**What is expected**
Every record here needs to be written out again exactly.

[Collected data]
--
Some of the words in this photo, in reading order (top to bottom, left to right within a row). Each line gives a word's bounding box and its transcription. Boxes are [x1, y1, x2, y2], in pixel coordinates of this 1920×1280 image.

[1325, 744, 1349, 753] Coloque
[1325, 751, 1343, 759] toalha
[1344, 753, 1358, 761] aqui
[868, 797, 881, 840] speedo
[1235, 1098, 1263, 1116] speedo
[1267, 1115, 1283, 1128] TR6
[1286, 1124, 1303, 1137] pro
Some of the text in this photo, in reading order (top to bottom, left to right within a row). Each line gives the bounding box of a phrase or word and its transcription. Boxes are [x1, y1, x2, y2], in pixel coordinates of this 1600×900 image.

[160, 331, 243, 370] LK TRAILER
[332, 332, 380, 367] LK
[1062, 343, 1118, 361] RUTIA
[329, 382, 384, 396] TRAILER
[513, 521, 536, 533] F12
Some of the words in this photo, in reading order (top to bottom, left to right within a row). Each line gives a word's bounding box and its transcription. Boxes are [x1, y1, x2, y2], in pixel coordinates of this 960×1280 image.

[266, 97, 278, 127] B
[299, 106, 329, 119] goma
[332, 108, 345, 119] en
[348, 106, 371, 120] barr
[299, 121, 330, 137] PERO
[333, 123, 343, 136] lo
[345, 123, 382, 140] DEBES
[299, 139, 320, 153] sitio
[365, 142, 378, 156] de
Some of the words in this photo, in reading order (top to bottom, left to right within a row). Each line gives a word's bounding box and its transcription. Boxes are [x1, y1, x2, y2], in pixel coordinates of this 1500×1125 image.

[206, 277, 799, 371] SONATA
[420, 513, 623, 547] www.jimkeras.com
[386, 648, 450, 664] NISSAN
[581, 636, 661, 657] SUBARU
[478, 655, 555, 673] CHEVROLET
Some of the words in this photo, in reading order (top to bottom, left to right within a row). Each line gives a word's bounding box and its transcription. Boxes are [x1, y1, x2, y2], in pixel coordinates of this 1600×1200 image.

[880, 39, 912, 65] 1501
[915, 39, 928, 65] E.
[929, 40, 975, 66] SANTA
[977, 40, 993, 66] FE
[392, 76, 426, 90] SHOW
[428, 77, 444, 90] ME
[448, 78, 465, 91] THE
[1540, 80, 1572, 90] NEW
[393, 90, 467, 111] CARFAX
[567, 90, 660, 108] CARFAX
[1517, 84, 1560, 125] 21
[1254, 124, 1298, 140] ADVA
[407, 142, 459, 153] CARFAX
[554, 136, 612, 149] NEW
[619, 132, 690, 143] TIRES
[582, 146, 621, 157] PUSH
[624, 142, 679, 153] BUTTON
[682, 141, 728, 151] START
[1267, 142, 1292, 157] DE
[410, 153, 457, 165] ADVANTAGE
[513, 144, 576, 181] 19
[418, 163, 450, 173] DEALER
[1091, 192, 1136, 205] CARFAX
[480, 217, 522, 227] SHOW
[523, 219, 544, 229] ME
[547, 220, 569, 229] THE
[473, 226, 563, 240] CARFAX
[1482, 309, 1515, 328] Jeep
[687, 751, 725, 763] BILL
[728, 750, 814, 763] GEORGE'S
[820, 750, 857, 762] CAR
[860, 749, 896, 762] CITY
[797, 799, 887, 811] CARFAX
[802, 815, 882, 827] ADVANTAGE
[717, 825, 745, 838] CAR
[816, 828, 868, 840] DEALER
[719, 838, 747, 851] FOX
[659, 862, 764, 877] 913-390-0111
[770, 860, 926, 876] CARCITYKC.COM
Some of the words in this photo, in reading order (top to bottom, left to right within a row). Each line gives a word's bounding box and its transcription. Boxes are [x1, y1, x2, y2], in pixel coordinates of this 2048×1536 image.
--
**Task response**
Some of the words in this photo, in reading order (top to bottom, left to right within a row). Each line gives a word's bounding box and its transcription. Boxes are [x1, y1, x2, y2], in pixel coordinates of this 1920×1280 image.

[1325, 744, 1349, 753] Coloque
[1325, 751, 1343, 759] toalha
[1344, 753, 1358, 761] aqui
[868, 797, 881, 840] speedo
[1235, 1098, 1263, 1116] speedo
[1267, 1115, 1283, 1128] TR6
[1286, 1124, 1303, 1137] pro
Some of the text in this photo, in reading order (top to bottom, left to right within a row). Each line gives the bounding box of a phrase or word and its transcription. Boxes are [x1, y1, x2, y2], in pixel coordinates of this 1600×900 image.

[160, 331, 243, 370] LK TRAILER
[332, 332, 380, 367] LK
[1062, 343, 1118, 361] RUTIA
[329, 382, 384, 396] TRAILER
[513, 521, 536, 533] F12
Some of the words in this photo, in reading order (top to bottom, left to right within a row). Each line gives a word's bounding box and its transcription. Boxes are [x1, y1, x2, y2], in pixel coordinates of this 960×1280 image.

[266, 97, 278, 127] B
[299, 106, 329, 119] goma
[332, 108, 345, 119] en
[348, 106, 371, 120] barr
[299, 121, 330, 137] PERO
[333, 123, 343, 136] lo
[345, 123, 382, 140] DEBES
[299, 139, 320, 153] sitio
[365, 142, 378, 156] de
Some of the words in this photo, in reading order (top to bottom, left to right within a row). Each line gives a word's bounding box and its transcription. Boxes are [x1, y1, x2, y2], in pixel coordinates of this 1500×1125 image.

[206, 277, 799, 371] SONATA
[420, 513, 623, 547] www.jimkeras.com
[386, 648, 450, 664] NISSAN
[581, 636, 661, 657] SUBARU
[478, 655, 555, 673] CHEVROLET
Some of the words in this photo, in reading order (top to bottom, left to right within a row). Each line gives a word's bounding box and its transcription. Boxes are [x1, y1, x2, y2], in pixel coordinates of this 1600×1200 image.

[880, 39, 912, 65] 1501
[915, 39, 928, 65] E.
[929, 40, 975, 66] SANTA
[977, 40, 993, 66] FE
[392, 76, 426, 90] SHOW
[428, 77, 444, 90] ME
[448, 78, 465, 91] THE
[1540, 80, 1572, 90] NEW
[393, 90, 467, 111] CARFAX
[567, 90, 660, 108] CARFAX
[1517, 84, 1560, 125] 21
[1254, 124, 1298, 140] ADVA
[407, 142, 459, 153] CARFAX
[554, 136, 612, 149] NEW
[619, 132, 690, 143] TIRES
[582, 146, 621, 157] PUSH
[624, 142, 679, 153] BUTTON
[682, 141, 728, 151] START
[1267, 142, 1292, 157] DE
[410, 153, 457, 165] ADVANTAGE
[513, 144, 576, 181] 19
[418, 163, 450, 173] DEALER
[1091, 192, 1136, 205] CARFAX
[480, 217, 522, 227] SHOW
[523, 219, 544, 229] ME
[547, 220, 569, 229] THE
[473, 226, 563, 240] CARFAX
[1482, 309, 1515, 328] Jeep
[687, 751, 725, 763] BILL
[728, 750, 814, 763] GEORGE'S
[820, 750, 857, 762] CAR
[860, 749, 896, 762] CITY
[797, 799, 887, 811] CARFAX
[802, 815, 882, 827] ADVANTAGE
[717, 825, 745, 838] CAR
[816, 828, 868, 840] DEALER
[719, 838, 747, 851] FOX
[659, 862, 764, 877] 913-390-0111
[770, 860, 926, 876] CARCITYKC.COM
Some of the words in this photo, in reading order (top to bottom, left to right within a row). Each line gives a word's bounding box and its transcription. Boxes are [x1, y1, x2, y2], in pixel coordinates of this 2048×1536 image.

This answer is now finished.